▸ Exercise
Please retype all of the records below word for word, leaving out any pictures.

----------

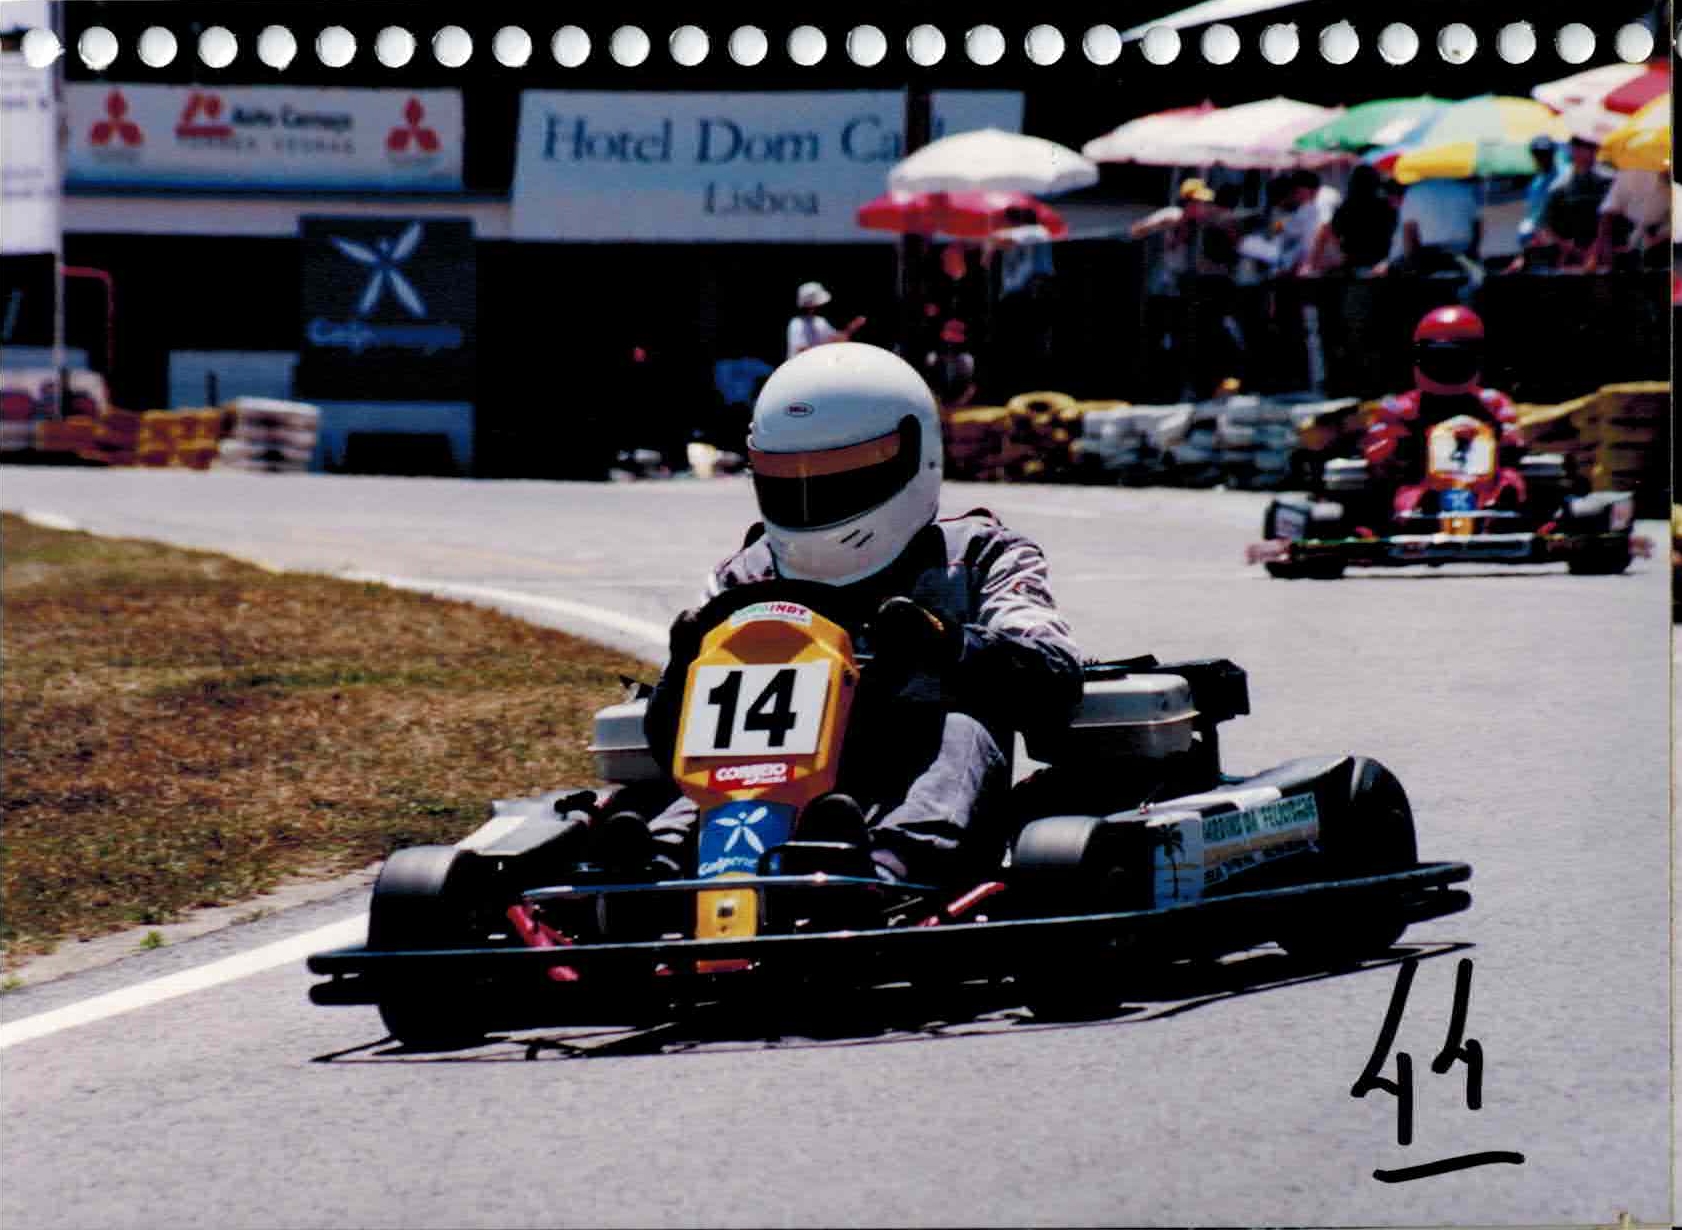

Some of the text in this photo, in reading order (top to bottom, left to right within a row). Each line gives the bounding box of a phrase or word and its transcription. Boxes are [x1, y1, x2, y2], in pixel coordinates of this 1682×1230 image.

[543, 113, 674, 165] Hotel
[697, 113, 821, 165] Dom
[704, 180, 820, 217] Lisboa
[707, 667, 798, 750] 14
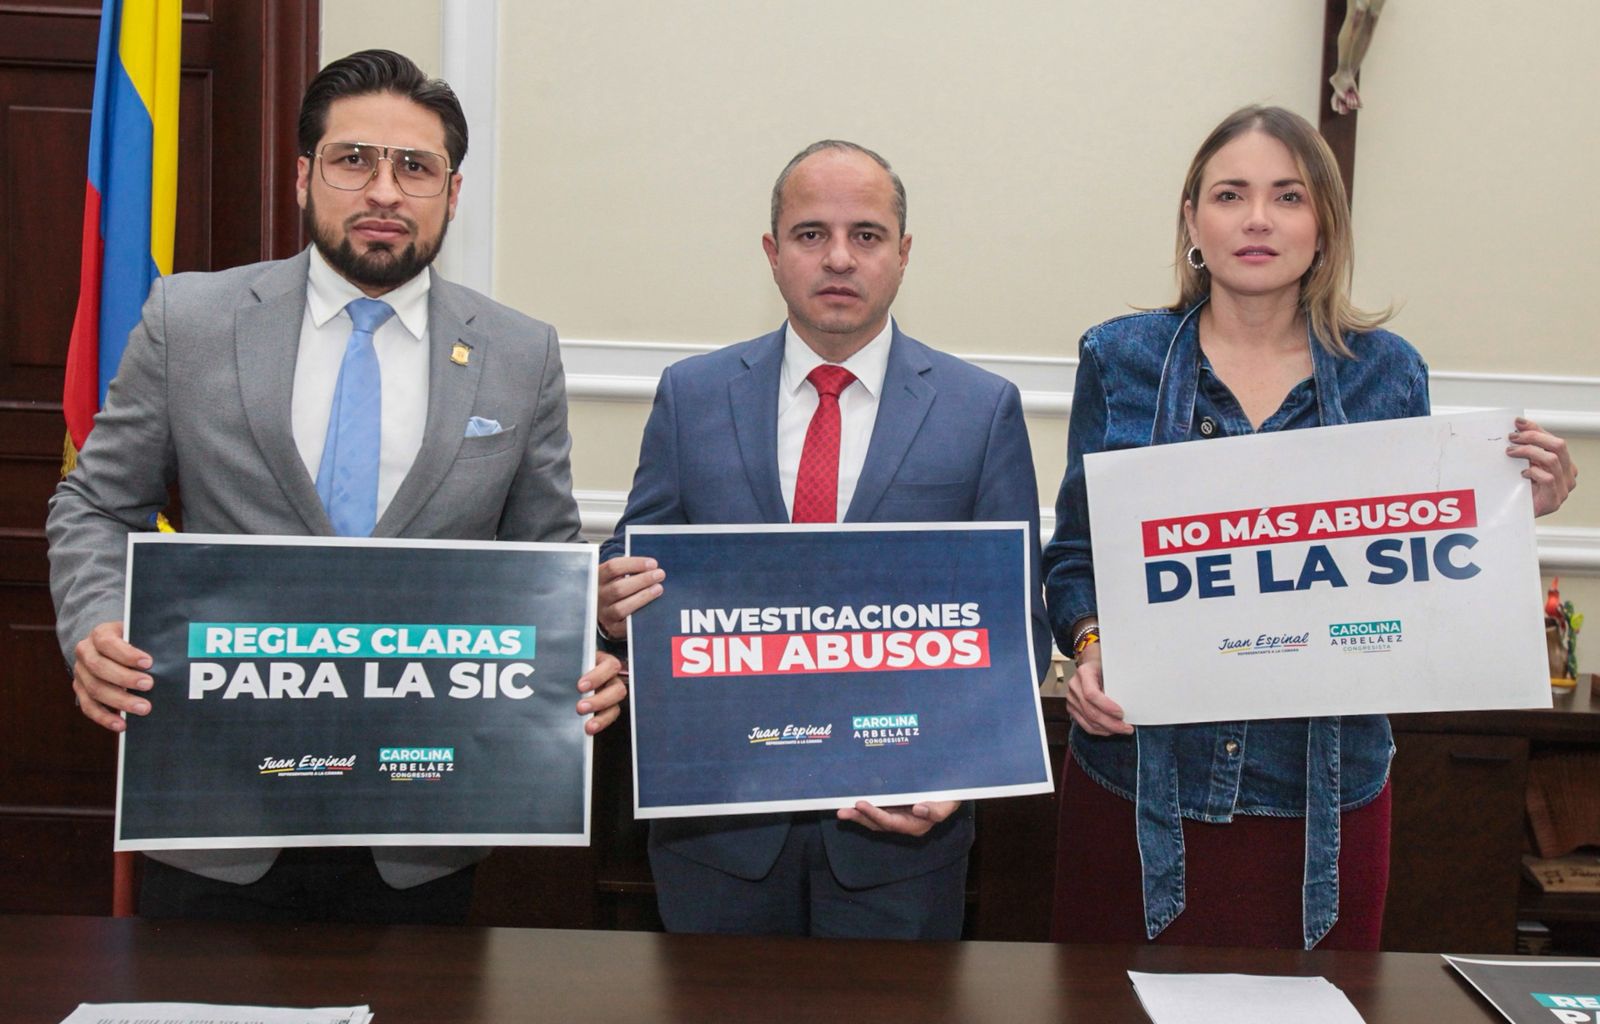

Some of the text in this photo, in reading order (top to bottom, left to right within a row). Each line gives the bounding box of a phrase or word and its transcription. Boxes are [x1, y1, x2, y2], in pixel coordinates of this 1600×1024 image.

[1157, 497, 1461, 550] NO MÁS ABUSOS
[1145, 533, 1482, 604] DE LA SIC
[680, 602, 981, 633] INVESTIGACIONES
[206, 626, 522, 655] REGLAS CLARAS
[1218, 632, 1309, 650] Juan Espinal
[1331, 634, 1403, 646] ARBELÁEZ
[1343, 643, 1391, 652] CONGRESISTA
[680, 630, 983, 674] SIN ABUSOS
[188, 661, 536, 700] PARA LA SIC
[747, 723, 833, 740] Juan Espinal
[864, 736, 909, 744] CONGRESISTA
[258, 754, 357, 771] Juan Espinal
[378, 762, 454, 772] ARBELÁEZ

----------

▸ Answer box
Some of the text in this photo, in reading order (top to bottom, left to right within a row). Each line gives the bounding box of a phrase or word and its transcription. Boxes are [x1, y1, x2, y2], in pixel coordinates of this 1682×1230 image.

[543, 113, 674, 165] Hotel
[697, 113, 821, 165] Dom
[704, 180, 820, 217] Lisboa
[707, 667, 798, 750] 14

Some of the text in this photo, in reading order (top to bottom, left to right within a row). Each line gives the bounding box of a phrase or word and its transcription. Boxes are [x1, y1, x2, y2], in pixel coordinates of this 1600×1024 image.

[1157, 497, 1461, 550] NO MÁS ABUSOS
[1145, 533, 1482, 604] DE LA SIC
[680, 602, 981, 633] INVESTIGACIONES
[206, 626, 522, 655] REGLAS CLARAS
[1218, 632, 1309, 650] Juan Espinal
[1331, 634, 1403, 646] ARBELÁEZ
[1343, 643, 1391, 652] CONGRESISTA
[680, 630, 983, 674] SIN ABUSOS
[188, 661, 536, 700] PARA LA SIC
[747, 723, 833, 740] Juan Espinal
[864, 736, 909, 744] CONGRESISTA
[258, 754, 357, 771] Juan Espinal
[378, 762, 454, 772] ARBELÁEZ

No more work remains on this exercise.